Angoscia, tormento, ansia e sensi di colpa si erano annidati in lei come una matassa aggrovigliata, e tutto a causa di una sola persona, un tiranno che aveva piantato radici profonde nella sua misera e insignificante vita.

Dopo essere uscita dalla villa dell'albino, Maka era tornata a casa, inzuppata fino alle ossa di neve. Nemmeno il tempo di salutare che si era gettata tra le braccia del fidanzato, cercandone le labbra con urgenza, quasi a voler affondare in un calore che cancellasse la morsa gelida di Soul. L'aveva baciato con ossessione, stringendolo a sé, lasciandosi guidare dalla familiarità dei loro corpi, aggrappandosi a ogni risata, a ogni carezza, a ogni sussurro.

Soul era riuscito a scombussolarla, a mandarla in tilt, a sgretolare quel mondo interiore che lei credeva granitico. Dannazione, neppure il conforto trovato nel suo ragazzo era bastato, persino abbracciarlo o stringere il suo corpo nudo tra le lenzuola!

Tutto vano. Quella sensazione era ancora lì, un'ombra sulla pelle. In un angolo della mente, quelle iridi scarlatte, quel fiato caldo e quelle labbra a pochi centimetri dalle sue, continuavano a insinuarsi. E il peggio era che, forse, non le era affatto dispiaciuto. 

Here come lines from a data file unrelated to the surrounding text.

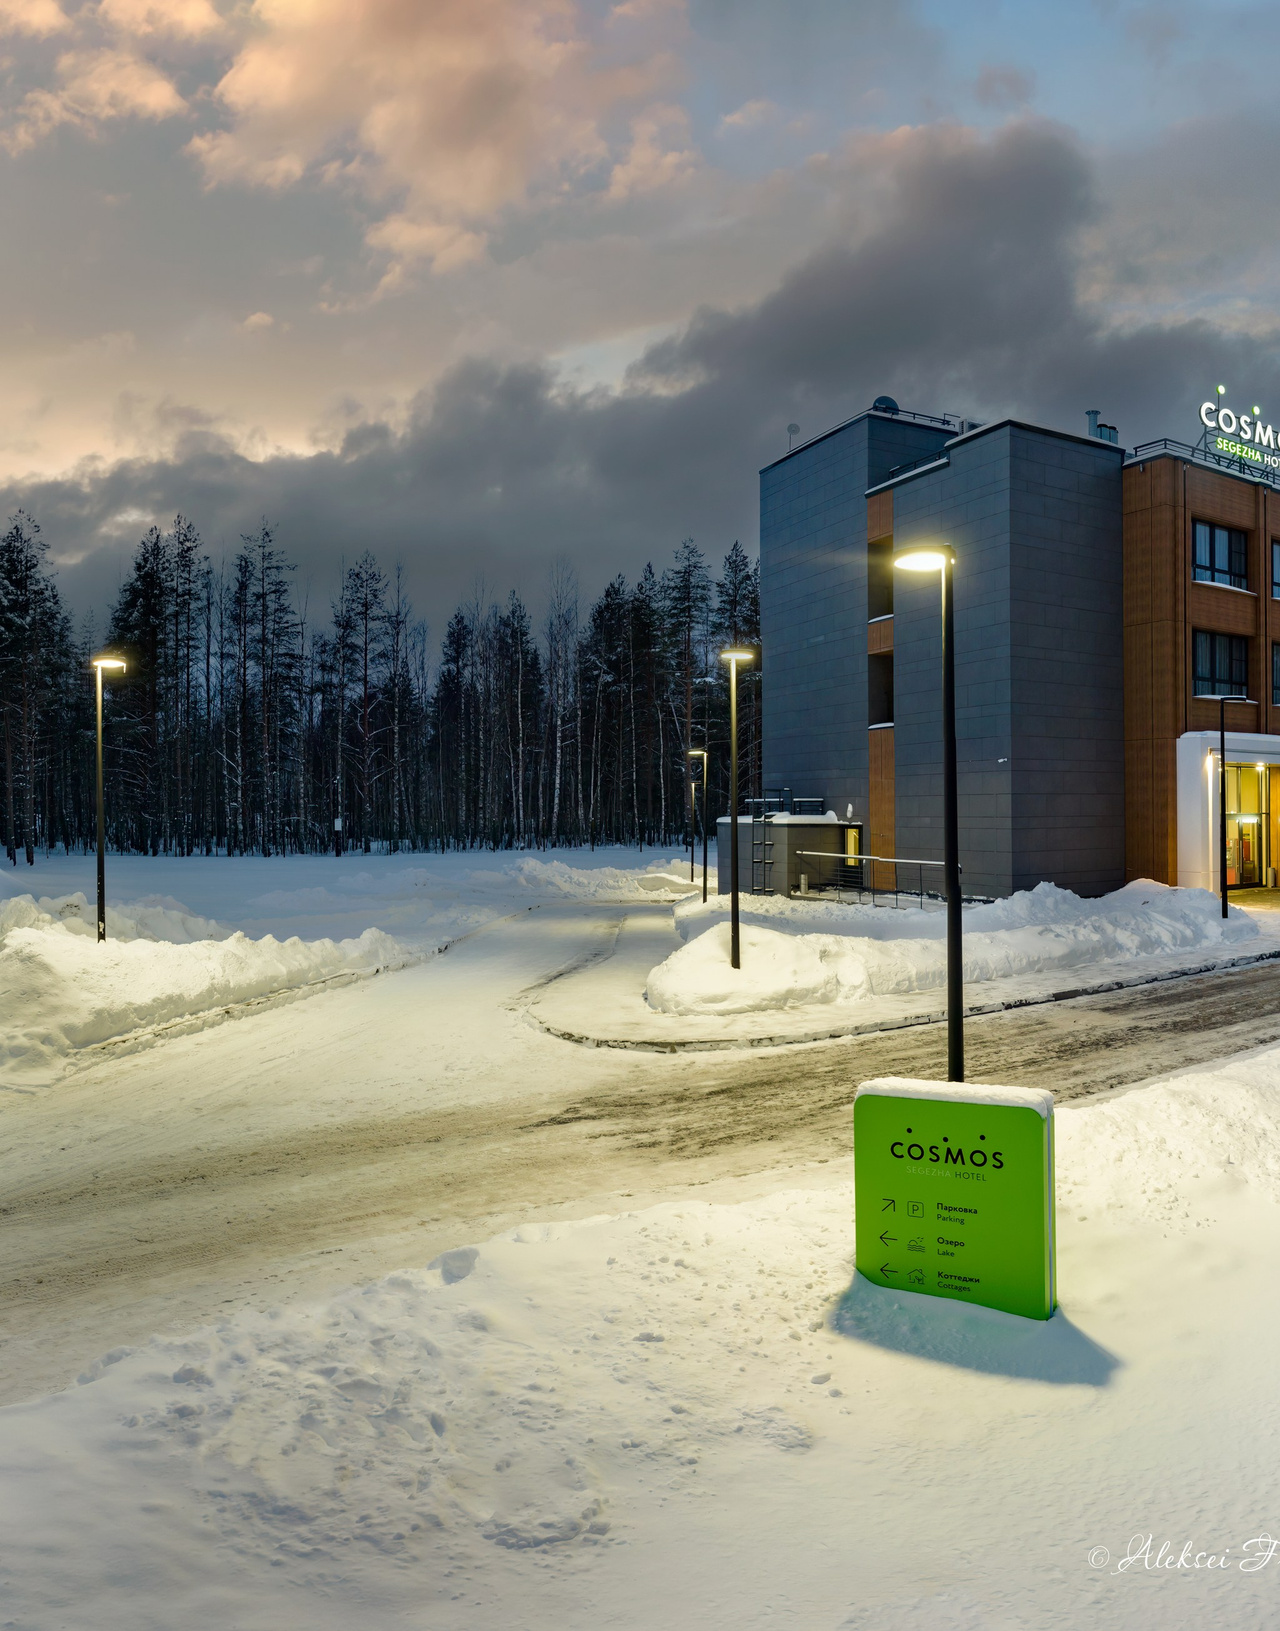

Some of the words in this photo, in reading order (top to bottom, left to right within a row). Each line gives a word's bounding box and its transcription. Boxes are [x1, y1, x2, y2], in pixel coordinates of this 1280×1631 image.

[1216, 437, 1262, 462] SEGEZHA
[891, 1141, 1004, 1169] COSMOS
[906, 1166, 951, 1178] SEGEZHA
[955, 1172, 987, 1182] HOTEL
[936, 1202, 978, 1215] Парковка
[936, 1213, 965, 1225] Parking
[937, 1236, 965, 1248] Озеро
[937, 1248, 955, 1257] Lake
[937, 1271, 980, 1284] Коттеджи
[937, 1281, 971, 1292] Cottages

Si morse l'interno della guancia, odiando sé stessa per quel lampo di sincerità che non avrebbe mai ammesso a voce alta, camminando rapida verso la casa della sua amica.
Maka trovò Tsubaki davanti al cancello del condominio, avvolta da un cappotto antracite. Le sorrise e la raggiunse in un battito di ciglia.

«Ehi!».

«Ehi» rispose Maka, con la voce impastata dal freddo. Una nuvoletta di condensa le uscì dalle labbra, dissolvendosi nell'aria.

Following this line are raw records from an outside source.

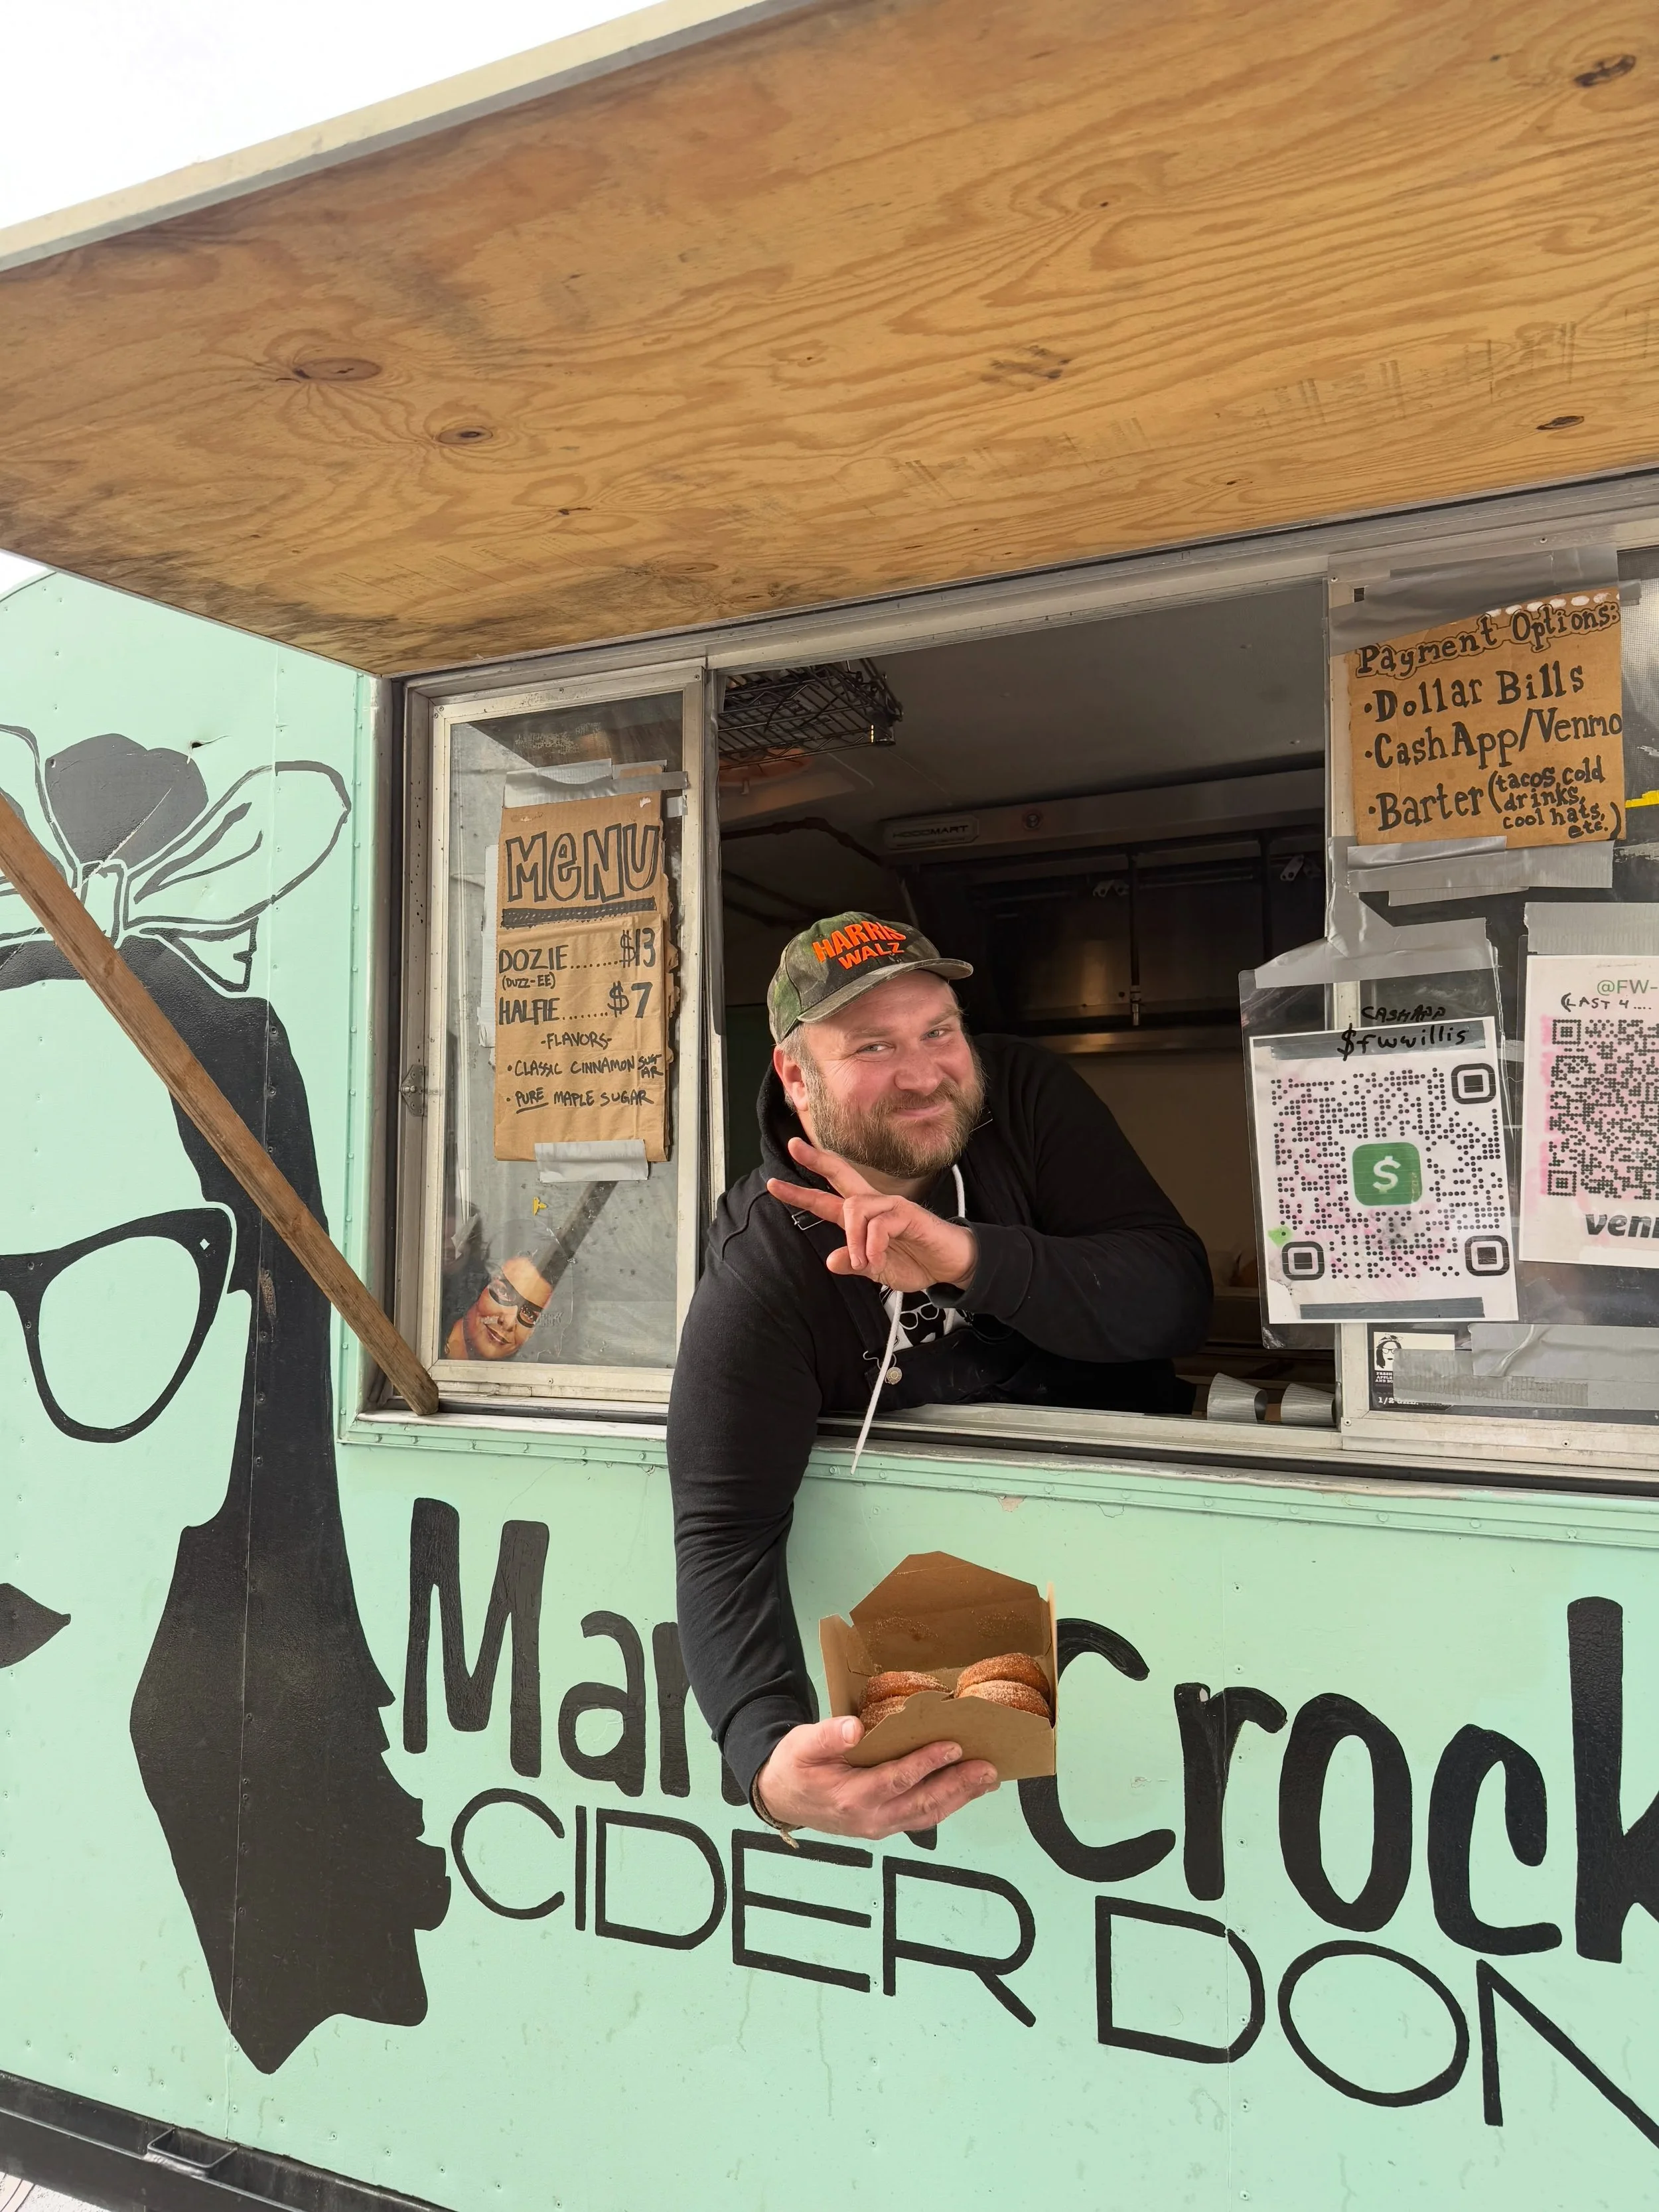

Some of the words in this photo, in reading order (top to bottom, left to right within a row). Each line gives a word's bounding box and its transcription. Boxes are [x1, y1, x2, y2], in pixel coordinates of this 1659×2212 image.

[1357, 614, 1498, 677] Payment
[1511, 603, 1619, 652] Options:
[1373, 678, 1483, 722] Dollar
[1496, 660, 1585, 705] Bills
[1376, 782, 1484, 832] Barter
[1562, 755, 1606, 786] cold
[1504, 787, 1587, 811] drinks,
[1503, 808, 1545, 830] cool
[1550, 800, 1606, 826] hats,
[499, 944, 569, 974] DOZIE
[620, 927, 656, 968] $13
[812, 921, 906, 962] HARRIS
[838, 942, 904, 970] WALZ
[502, 971, 556, 990] (DUZZ-EE)
[1597, 980, 1658, 996] @FW-
[499, 997, 560, 1025] HALFIE
[1561, 992, 1611, 1013] (LAST
[514, 1059, 563, 1077] CLASSIC
[570, 1055, 635, 1074] CINNAMON
[641, 1065, 664, 1078] AR
[515, 1086, 544, 1107] PURE
[553, 1090, 595, 1107] MAPLE
[600, 1088, 655, 1107] SUGAR
[1585, 1214, 1659, 1238] ven
[451, 1787, 1038, 2028] CIDER

La corvina la prese a braccetto per potersi scaldare e si incamminarono insieme verso il negozio di antiquariato di cui le aveva parlato quella mattina.

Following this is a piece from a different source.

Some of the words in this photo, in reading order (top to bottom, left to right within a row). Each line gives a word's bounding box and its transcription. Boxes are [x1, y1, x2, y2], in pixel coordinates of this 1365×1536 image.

Da fuori sembrava un luogo qualunque, stretto fra due palazzi anonimi, ma appena oltrepassata la soglia Maka trattenne il fiato. L'interno era molto più ampio di quanto avesse immaginato, un labirinto di scaffali, vetrine e tavoli colmi di oggetti che parevano provenire da epoche diverse. C'era un odore di legno vecchio e cera, e un silenzio denso, come se lì dentro il tempo si muovesse più lentamente.

La bionda studiò incuriosita la stanza e intercettò gli occhi castani della proprietaria, seduta dietro al bancone intenta a sistemare alcuni gioielli nella teca di vetro al suo fianco. Questa alzò lo sguardo e, vedendo Tsubaki, le sfuggì un sorriso.

«Sei tornata».

«L'avevo promesso» sorrise la camelia, avvicinandosi al tavolo scuro.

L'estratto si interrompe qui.